EXERCISE DATA:
※
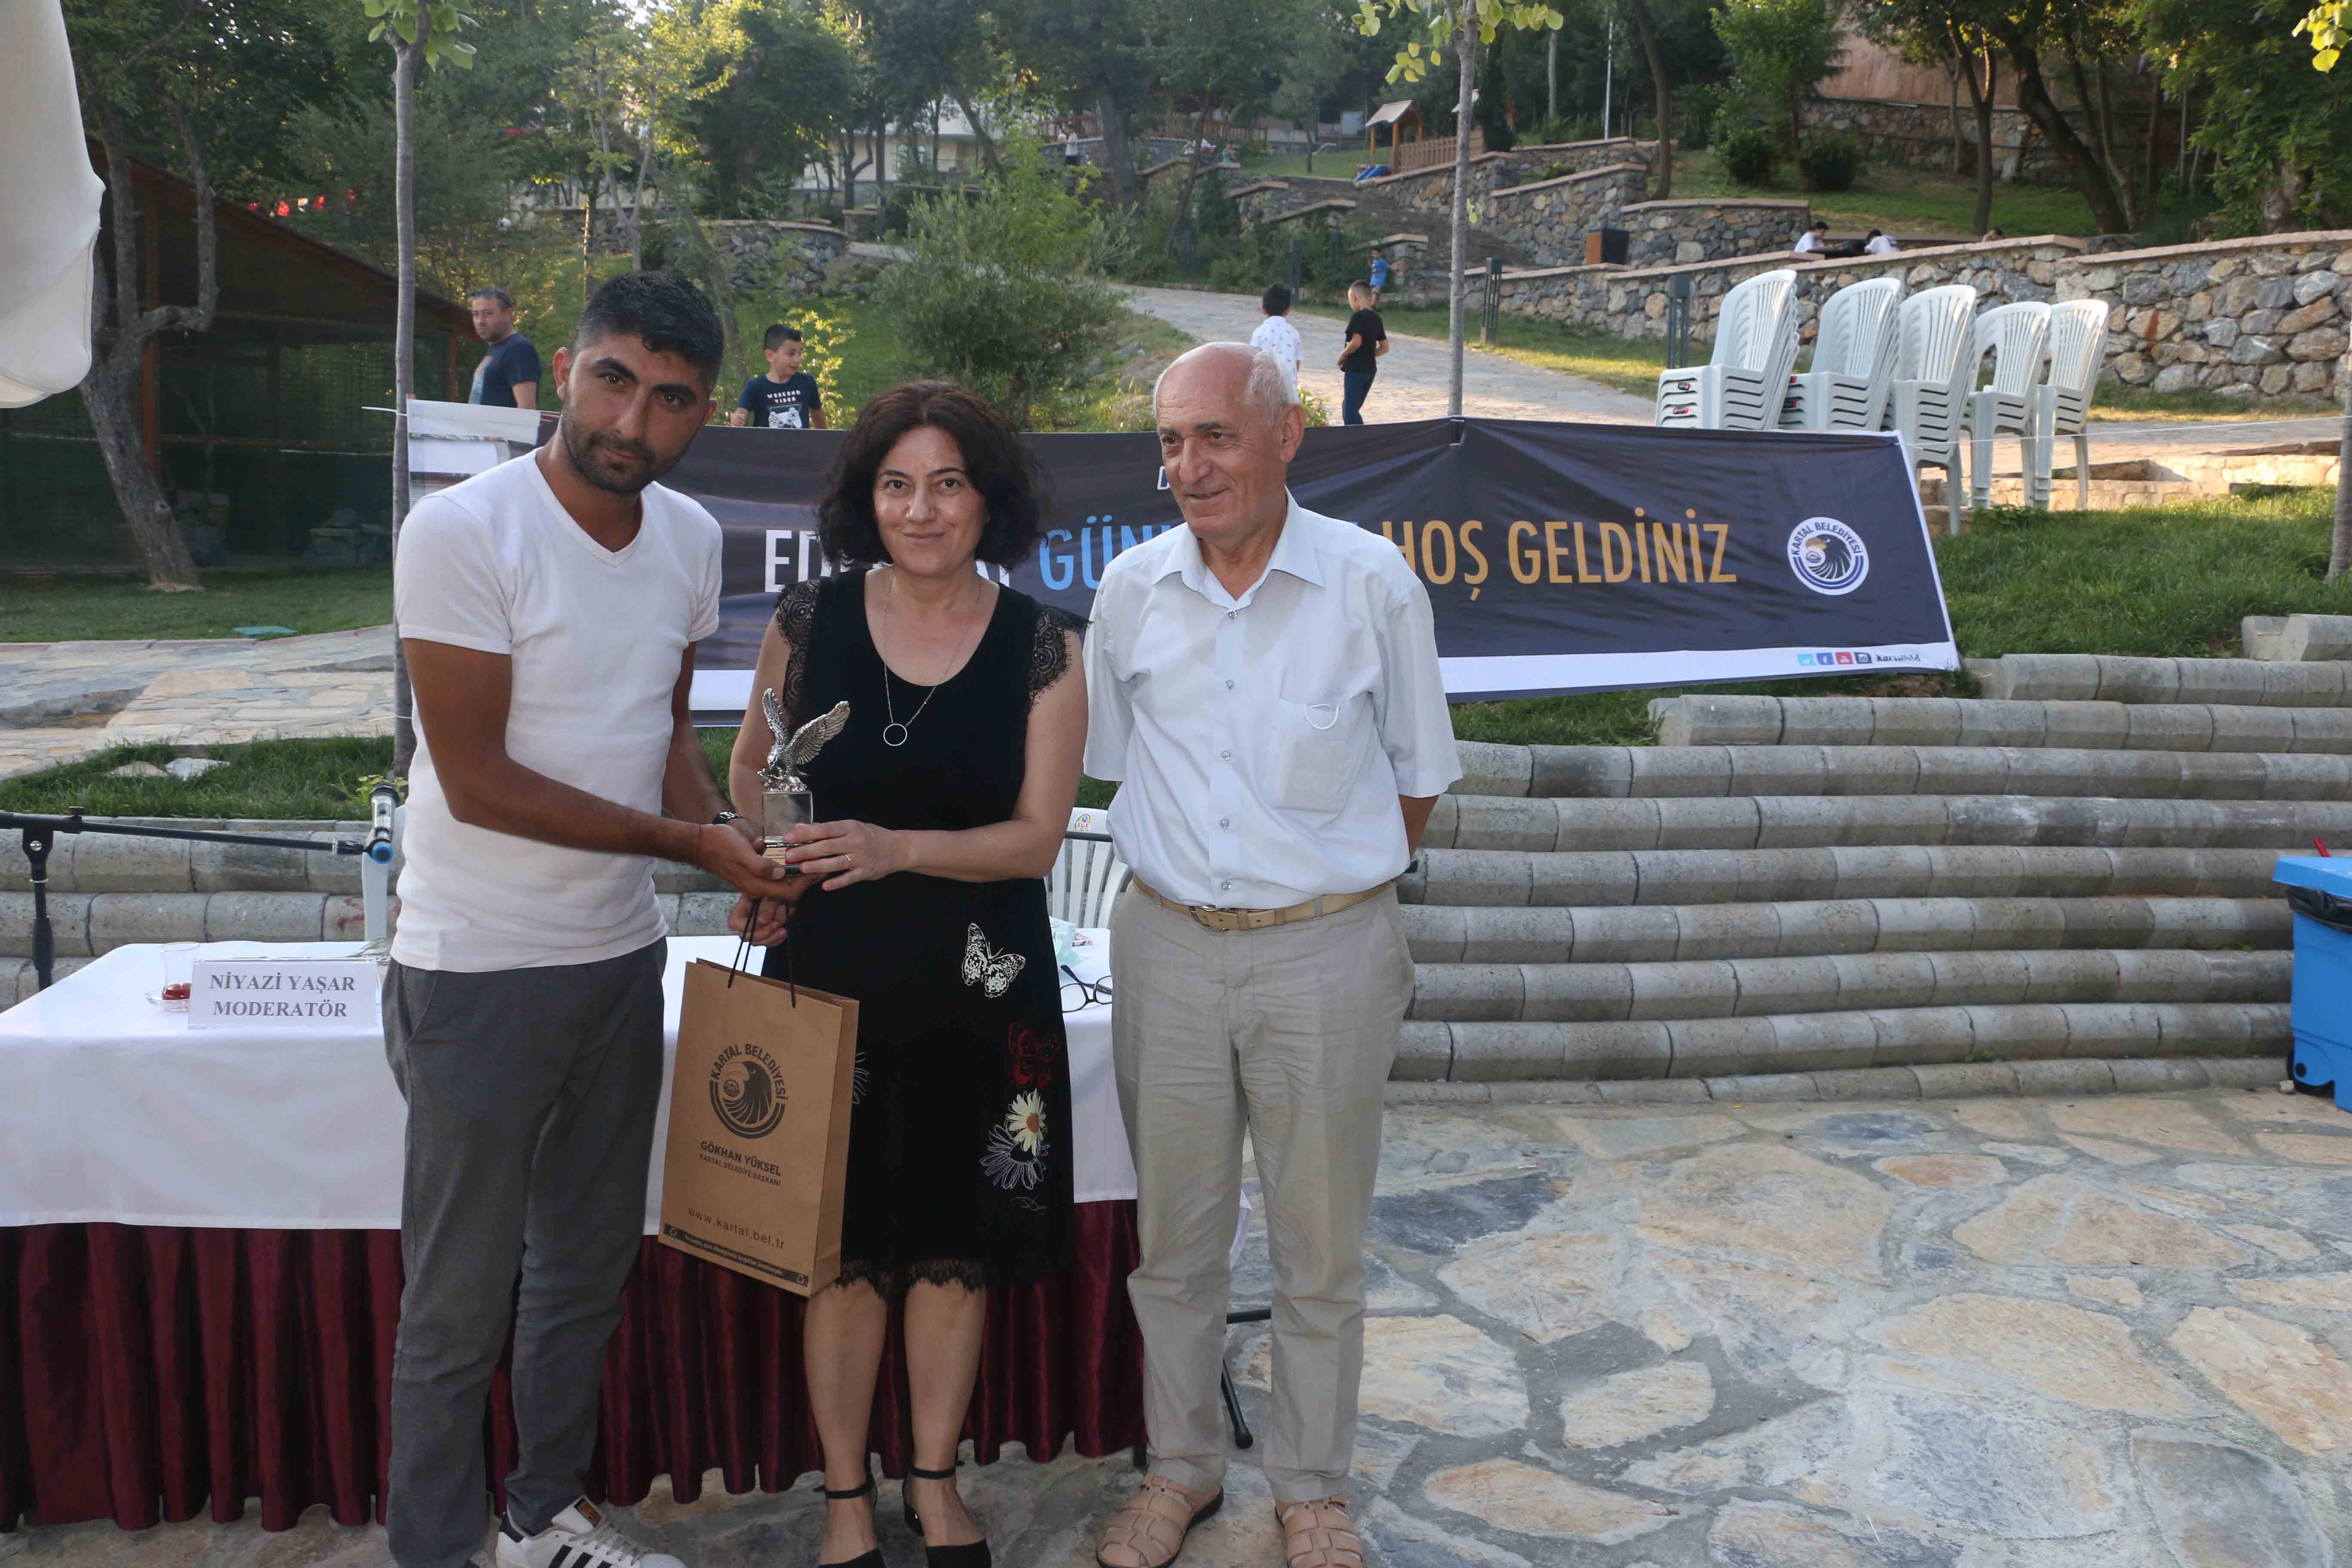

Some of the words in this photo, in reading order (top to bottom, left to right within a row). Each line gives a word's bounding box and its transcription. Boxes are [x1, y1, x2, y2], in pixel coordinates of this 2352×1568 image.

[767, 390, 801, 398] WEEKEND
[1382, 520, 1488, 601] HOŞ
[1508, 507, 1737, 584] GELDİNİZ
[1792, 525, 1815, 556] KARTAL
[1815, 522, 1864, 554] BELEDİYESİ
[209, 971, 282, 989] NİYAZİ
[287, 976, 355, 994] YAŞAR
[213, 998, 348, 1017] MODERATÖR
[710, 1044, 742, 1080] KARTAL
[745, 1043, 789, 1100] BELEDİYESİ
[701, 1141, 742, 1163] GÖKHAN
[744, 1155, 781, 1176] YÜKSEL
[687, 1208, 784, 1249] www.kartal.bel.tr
※
EXERCISE:
In the copy, include every entry above exactly and leave out each picture.

SOLUTION TO THIS PROBLEM:
Some of the words in this photo, in reading order (top to bottom, left to right within a row). Each line gives a word's bounding box and its transcription. Boxes are [x1, y1, x2, y2], in pixel coordinates of this 2352×1568 image.

[767, 390, 801, 398] WEEKEND
[1382, 520, 1488, 601] HOŞ
[1508, 507, 1737, 584] GELDİNİZ
[1792, 525, 1815, 556] KARTAL
[1815, 522, 1864, 554] BELEDİYESİ
[209, 971, 282, 989] NİYAZİ
[287, 976, 355, 994] YAŞAR
[213, 998, 348, 1017] MODERATÖR
[710, 1044, 742, 1080] KARTAL
[745, 1043, 789, 1100] BELEDİYESİ
[701, 1141, 742, 1163] GÖKHAN
[744, 1155, 781, 1176] YÜKSEL
[687, 1208, 784, 1249] www.kartal.bel.tr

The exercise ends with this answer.